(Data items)
[Start of Attachment]
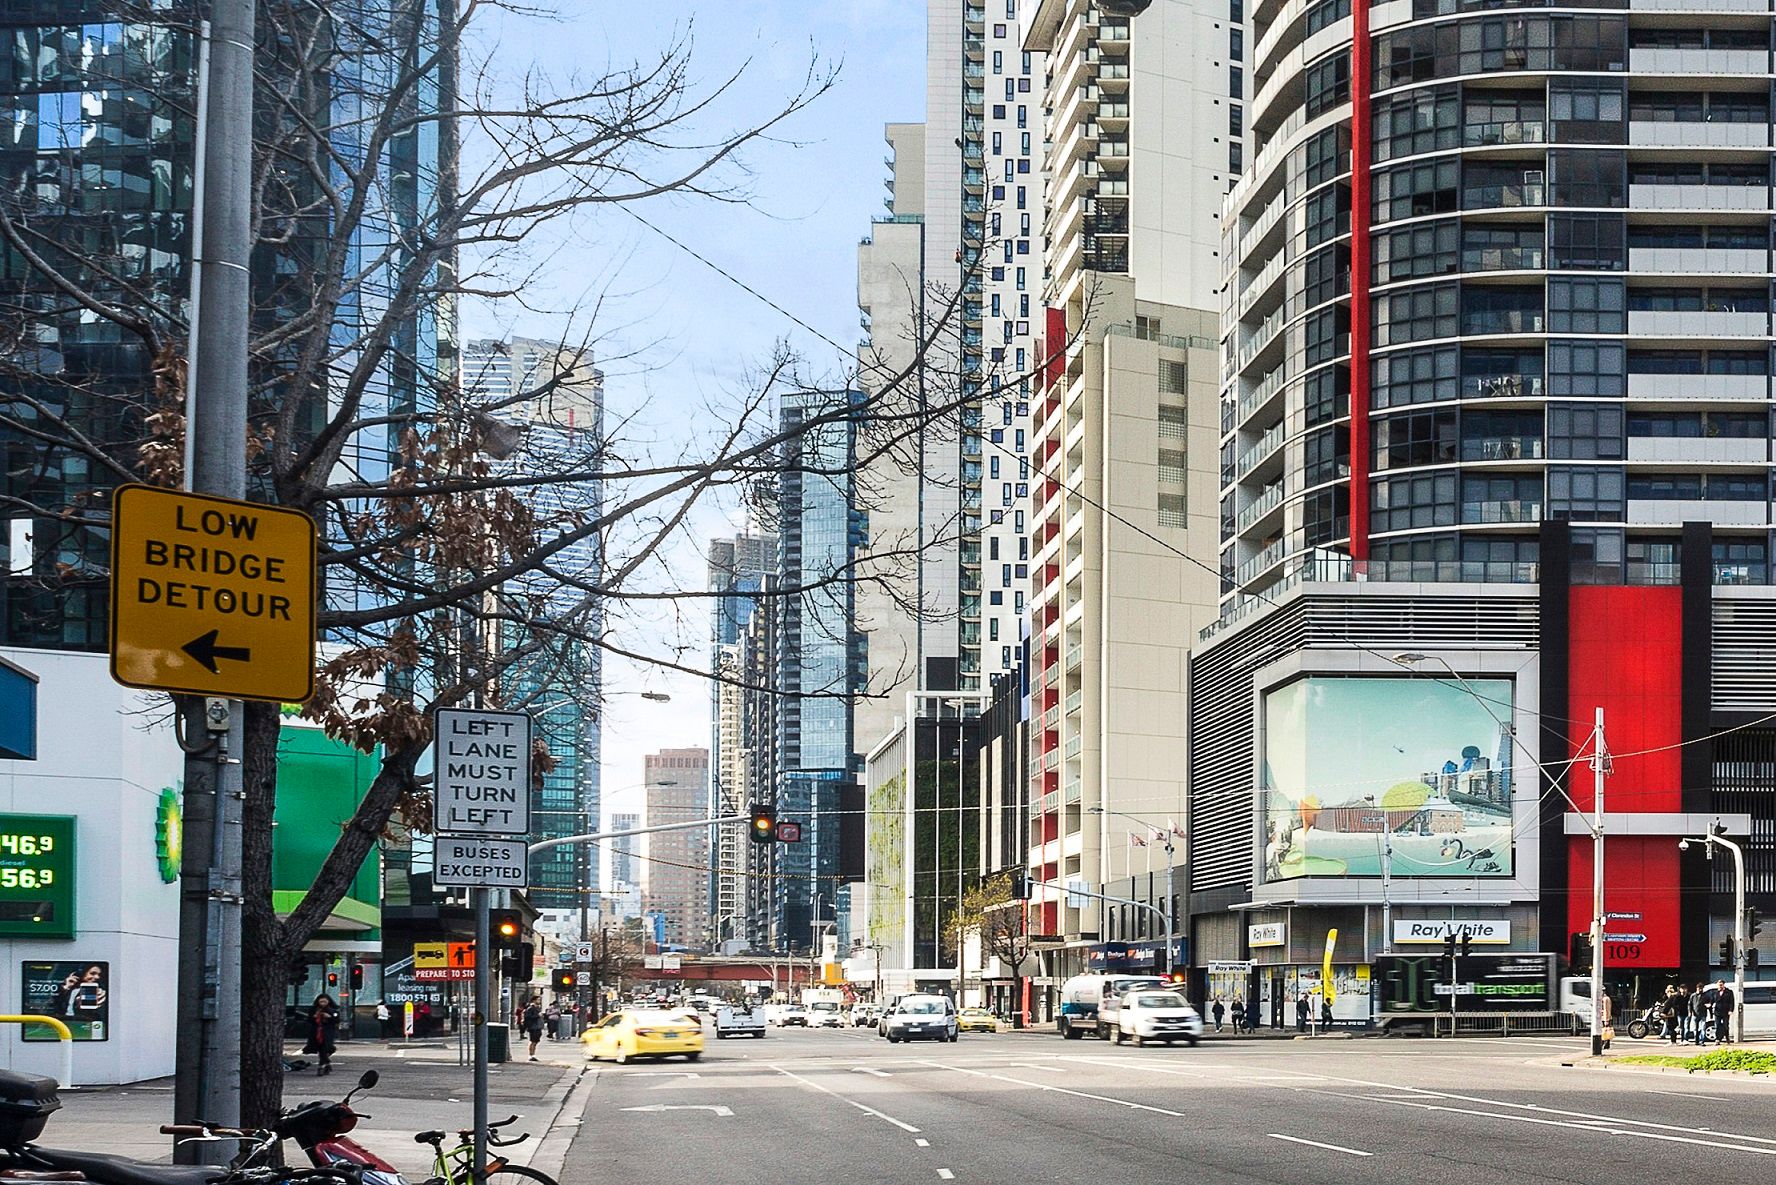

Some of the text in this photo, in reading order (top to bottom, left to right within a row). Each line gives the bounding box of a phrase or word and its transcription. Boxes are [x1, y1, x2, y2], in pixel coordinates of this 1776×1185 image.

[176, 505, 258, 541] LOW
[145, 539, 286, 583] BRIDGE
[137, 577, 291, 621] DETOUR
[452, 719, 514, 737] LEFT
[449, 741, 517, 759] LANE
[448, 763, 518, 781] MUST
[450, 785, 516, 803] TURN
[451, 807, 513, 824] LEFT
[0, 834, 53, 855] 46.9
[453, 846, 511, 860] BUSES
[0, 868, 53, 888] 56.9
[440, 864, 522, 879] EXCEPTED
[1253, 928, 1262, 940] Ray
[1411, 924, 1494, 938] Ray White
[1609, 944, 1641, 960] 109
[415, 969, 475, 978] PREPARE TO STO
[29, 983, 58, 993] $7.00
[397, 984, 425, 993] leasing
[390, 993, 413, 1002] 1800
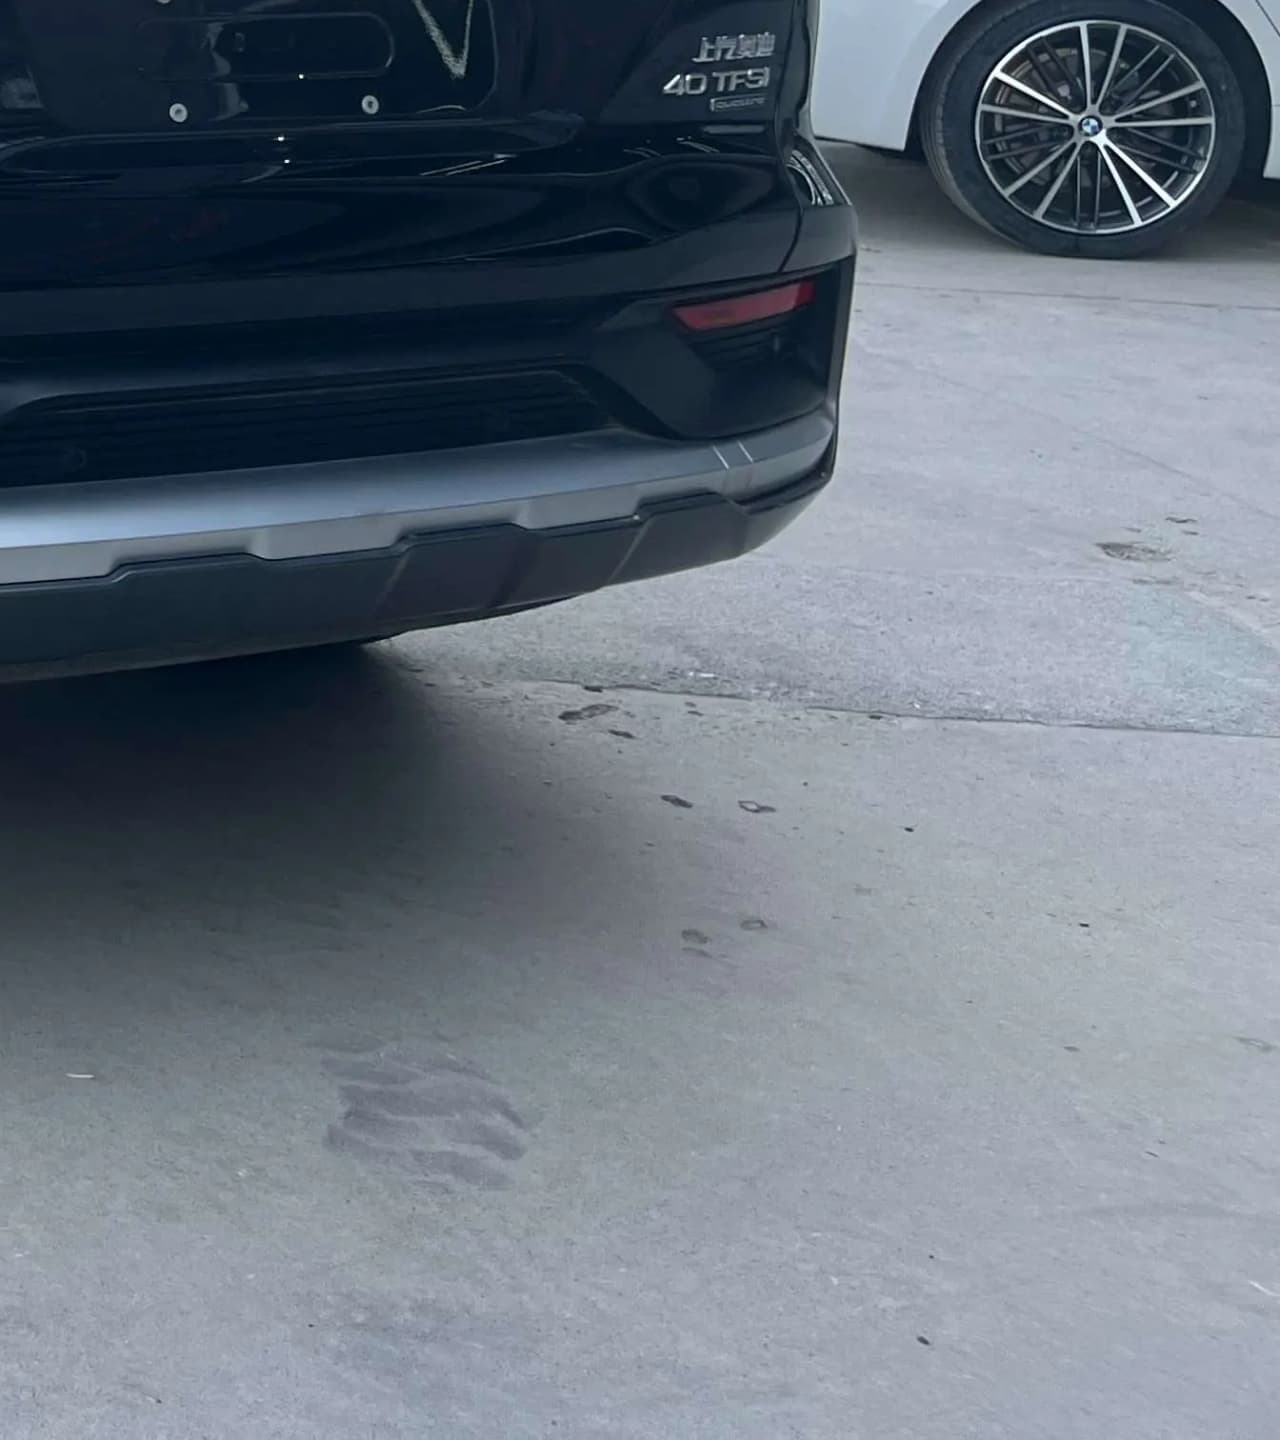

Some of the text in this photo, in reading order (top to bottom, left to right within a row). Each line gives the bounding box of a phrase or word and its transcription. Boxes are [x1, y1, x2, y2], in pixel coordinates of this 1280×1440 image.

[691, 31, 776, 63] 上汽奥迪
[663, 66, 771, 96] 40 TFSI
[End of Attachment]
Exercise aim -> Please output every entry above exactly, without the pictures.

Task solution ->
Some of the text in this photo, in reading order (top to bottom, left to right within a row). Each line gives the bounding box of a phrase or word and its transcription. Boxes are [x1, y1, x2, y2], in pixel coordinates of this 1776×1185 image.

[176, 505, 258, 541] LOW
[145, 539, 286, 583] BRIDGE
[137, 577, 291, 621] DETOUR
[452, 719, 514, 737] LEFT
[449, 741, 517, 759] LANE
[448, 763, 518, 781] MUST
[450, 785, 516, 803] TURN
[451, 807, 513, 824] LEFT
[0, 834, 53, 855] 46.9
[453, 846, 511, 860] BUSES
[0, 868, 53, 888] 56.9
[440, 864, 522, 879] EXCEPTED
[1253, 928, 1262, 940] Ray
[1411, 924, 1494, 938] Ray White
[1609, 944, 1641, 960] 109
[415, 969, 475, 978] PREPARE TO STO
[29, 983, 58, 993] $7.00
[397, 984, 425, 993] leasing
[390, 993, 413, 1002] 1800

Some of the text in this photo, in reading order (top to bottom, left to right within a row). Each line gives the bounding box of a phrase or word and its transcription. Boxes are [x1, y1, x2, y2], in pixel coordinates of this 1280×1440 image.

[691, 31, 776, 63] 上汽奥迪
[663, 66, 771, 96] 40 TFSI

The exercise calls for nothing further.